ECONOMIC ZONE - S&P Global Ratings memperingatkan skema sentralisasi ekspor komoditas Indonesia berpotensi menekan ekspor, menggerus penerimaan negara, dan membebani neraca pembayaran menciptakan downside risk pada rating sovereign.
IHSG anjlok 3,54% ke 6.094 dipimpin saham tambang pasca-pengumuman Danantara oleh Prabowo, sementara rupiah tetap melemah ke Rp17.678/USD meski BI menaikkan suku bunga 50bps ke 5,25%.

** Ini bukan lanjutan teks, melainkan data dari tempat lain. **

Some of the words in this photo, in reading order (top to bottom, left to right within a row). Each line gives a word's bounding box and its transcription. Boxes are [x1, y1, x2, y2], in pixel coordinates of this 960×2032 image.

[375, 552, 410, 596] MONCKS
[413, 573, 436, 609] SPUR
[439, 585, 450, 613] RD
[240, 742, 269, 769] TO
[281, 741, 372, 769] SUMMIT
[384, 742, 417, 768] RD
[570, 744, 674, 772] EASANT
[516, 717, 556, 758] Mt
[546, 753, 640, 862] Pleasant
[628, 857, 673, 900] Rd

Tekanan eksternal masih utuh: UST 10Y di 4,66%, Brent ditutup USD107/bbl, probabilitas Fed hike Desember ~51%. Untuk Jumat (22/5), waspadai outflow lanjutan dari saham komoditas (ADRO, ITMG, AALI, LSIP) dan SBN. Watch: detil implementasi Danantara fase Juni–Agustus, respons rating agencies, serta perkembangan Trump–Iran. Bias risk-off berlanjut.
“Tekanan eksternal masih utuh: UST 10Y di 4,66%, Brent ditutup US$107/bbl, probabilitas Fed hike Desember ~51%. Pada perdagangan Jumat ini waspadai outflow lanjutan dari saham komoditas (ADRO, ITMG, AALI, LSIP) dan SBN.

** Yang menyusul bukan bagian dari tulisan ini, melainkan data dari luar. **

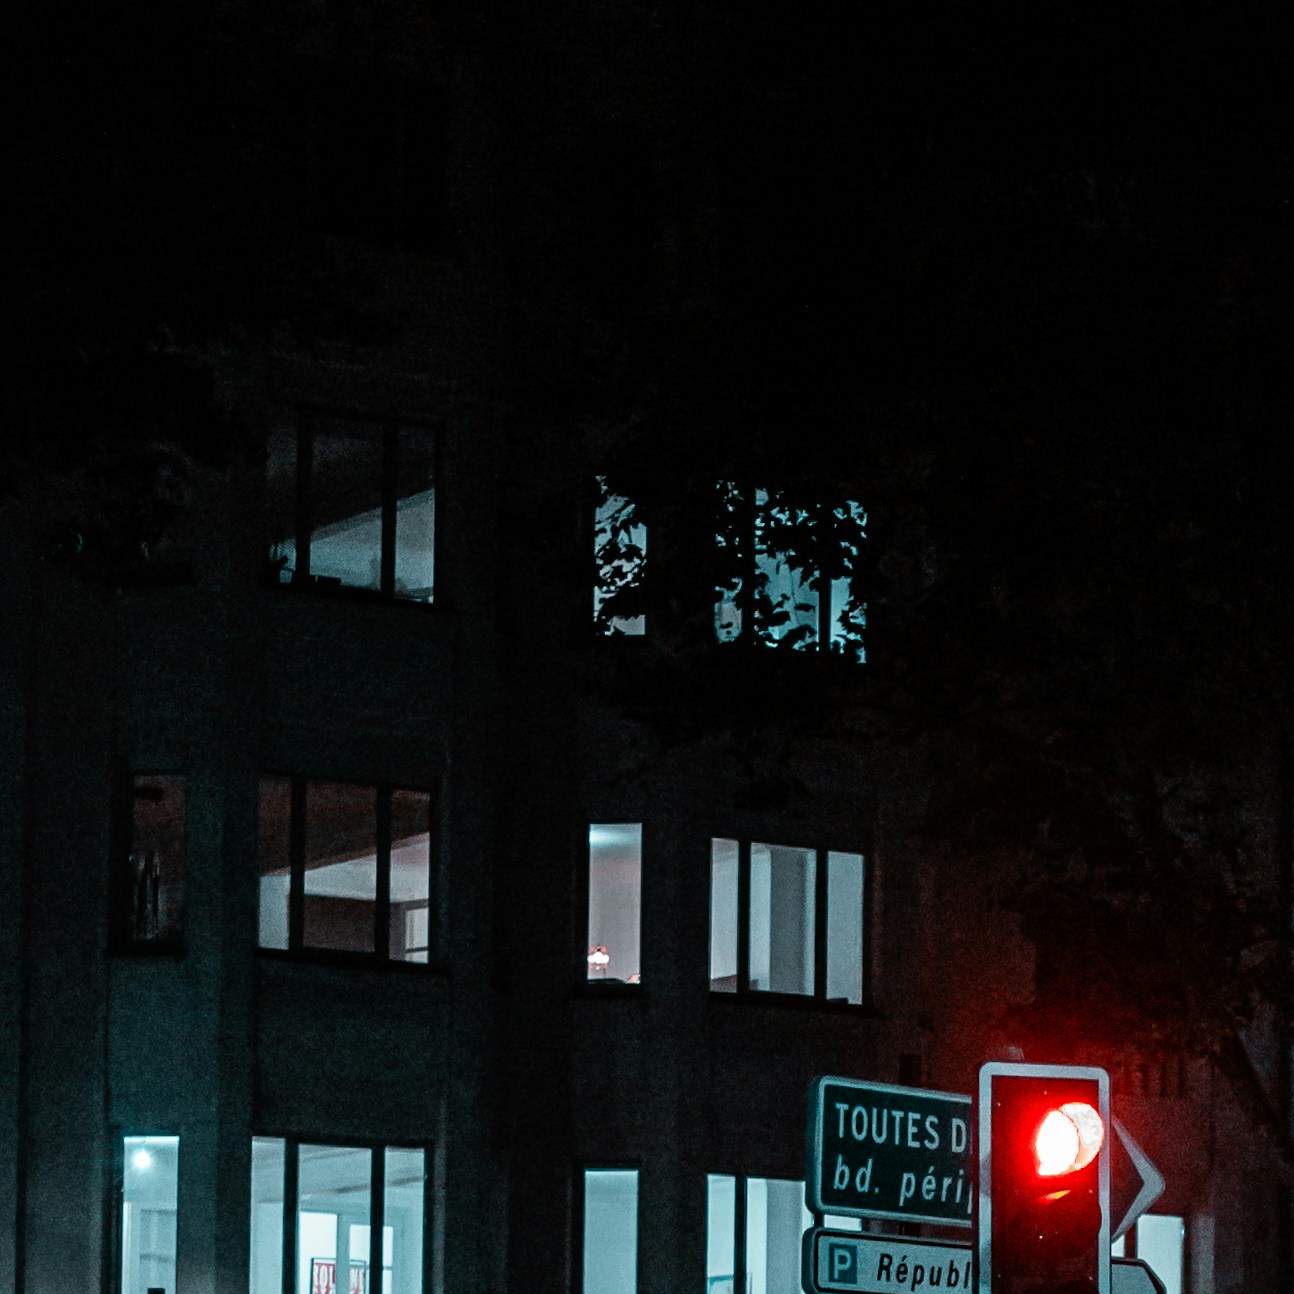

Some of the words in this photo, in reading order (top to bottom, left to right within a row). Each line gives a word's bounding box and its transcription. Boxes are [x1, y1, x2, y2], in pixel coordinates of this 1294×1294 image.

[835, 1103, 940, 1151] TOUTES
[951, 1117, 968, 1153] D
[833, 1155, 879, 1194] bd.
[899, 1166, 973, 1214] péri
[833, 1249, 852, 1280] P
[877, 1253, 971, 1291] Républ

Lihat juga detail implementasi Danantara fase Juni–Agustus, respons rating agencies, serta perkembangan Trump–Iran. Bisa risk-off berlanjut,” kata Daniel Widjaja, Analis Mirae Asset Sekuritas Indonesia, Jumat (22/5/2026).
Rekomendasi saham hari ini:
PT Perusahaan Gas Negara (Persero) (PGAS) – Accumulating
Target harga (price)/TP)1: Rp1.865 (+2.19%) | TP2: Rp1.970 (+7.95%) | TP3: Rp2.140 (+17.26%) | Support: Rp1.750 & Rp1.680
PT Ultrajaya Milk Industry & Trading Company (ULTJ) – Channeling up
TP1: Rp1.610 (+2.55%) | TP2: Rp1.725 (+9.87%) | TP3: Rp1.775 (+13.06%) | Support: Rp1.555 & Rp1.525
PT Wismilak Inti Makmur (WIIM) – Upside still intact
TP1: Rp1.850 (+3.35%) | TP2: Rp2.070 (+15.64%) | Support: Rp1.660 & Rp1.500.